Set permissions required by RIS users who use prestaged client computers

Applies To: Windows Server 2003, Windows Server 2003 R2, Windows Server 2003 with SP1, Windows Server 2003 with SP2

To set permissions required by RIS users who use prestaged client computers

Open Active Directory Users and Computers.
On the View menu, ensure that Advanced Features is checked.
In the console tree, right-click the applicable client computer account.

Where?
- Active Directory Users and Computers/Applicable domain/Applicable organizational unit (such as Computers)/Applicable client computer account
Click Properties.
In the Properties dialog box, click the Security tab, and then click Add.
In the Select Users, Computers or Groups dialog box, type the name of the user or group that will use Remote Installation Services (RIS) to install the prestaged client computer, and then click OK.
Click the user or group you have added.
Under Allow, ensure that Read and Reset password are selected, and then click OK.

Notes

To perform this procedure, you must be a member of the Account Operators group, Domain Admins group, or the Enterprise Admins group in Active Directory, or you must have been delegated the appropriate authority.

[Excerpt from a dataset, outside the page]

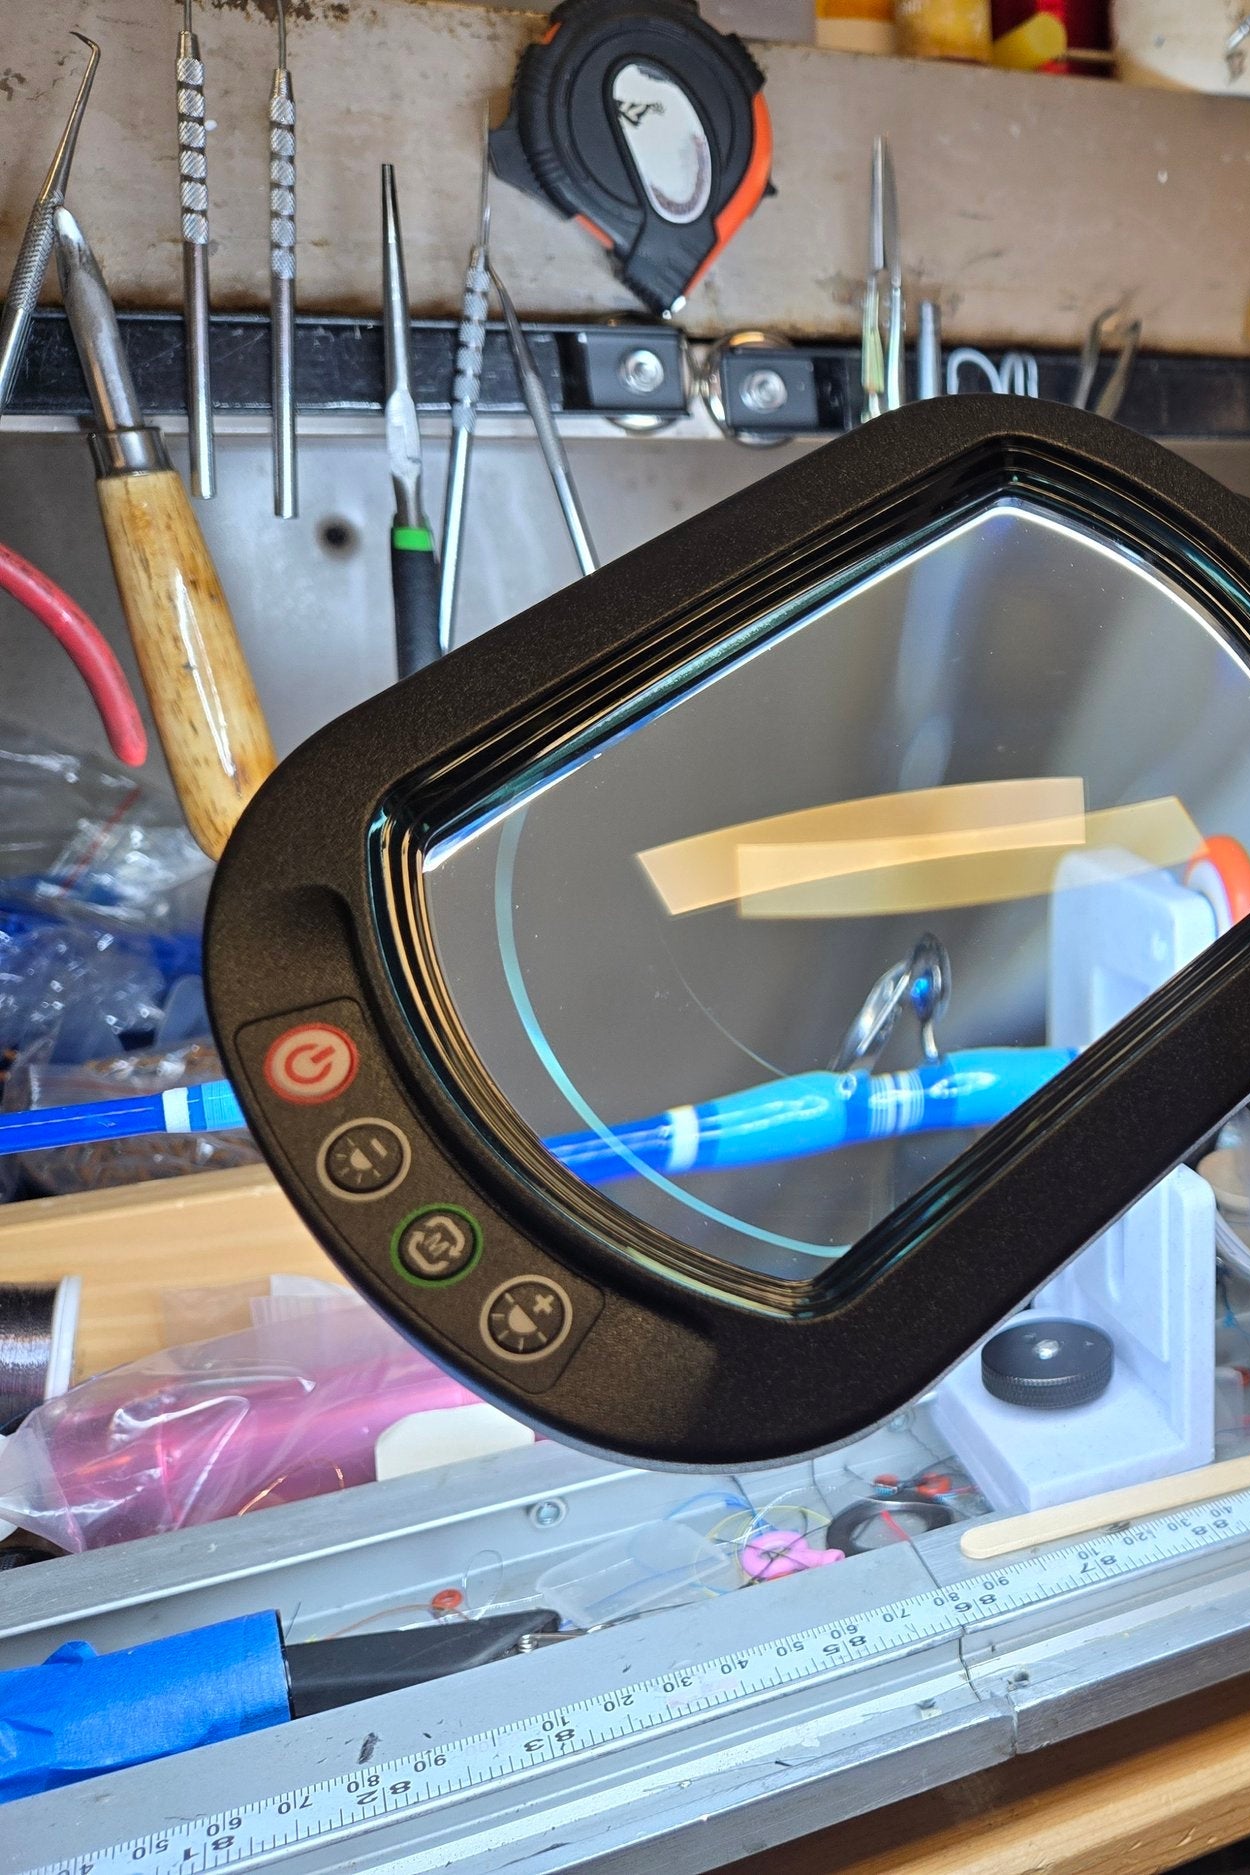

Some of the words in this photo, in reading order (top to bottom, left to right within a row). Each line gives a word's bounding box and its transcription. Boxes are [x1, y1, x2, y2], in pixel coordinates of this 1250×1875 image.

As a security best practice, consider using Run as to perform this procedure. For more information, see Default local groups, Default groups, and Using Run as.
To open Active Directory Users and Computers, click Start, click Run, type dsa.msc, and then click OK. For information about creating a shortcut so you can easily open Active Directory Users and Computers with runas, see Related Topics.
This topic does not apply to Windows Server 2003, Web Edition.
If you set these permissions for a group, remember to add users to that group.
For client computer accounts that are prestaged in another Active Directory folder location, expand the Active Directory Users and Computer console and select the appropriate client computer accounts.
This procedure pertains to prestaged client computers. For client computers that are not prestaged, the user must be able to create a computer account in the domain. For more information, see Related Topics.

Your server might function differently based on the version and edition of the operating system that is installed, your account permissions, and your menu settings. For more information, see Viewing Help on the Web.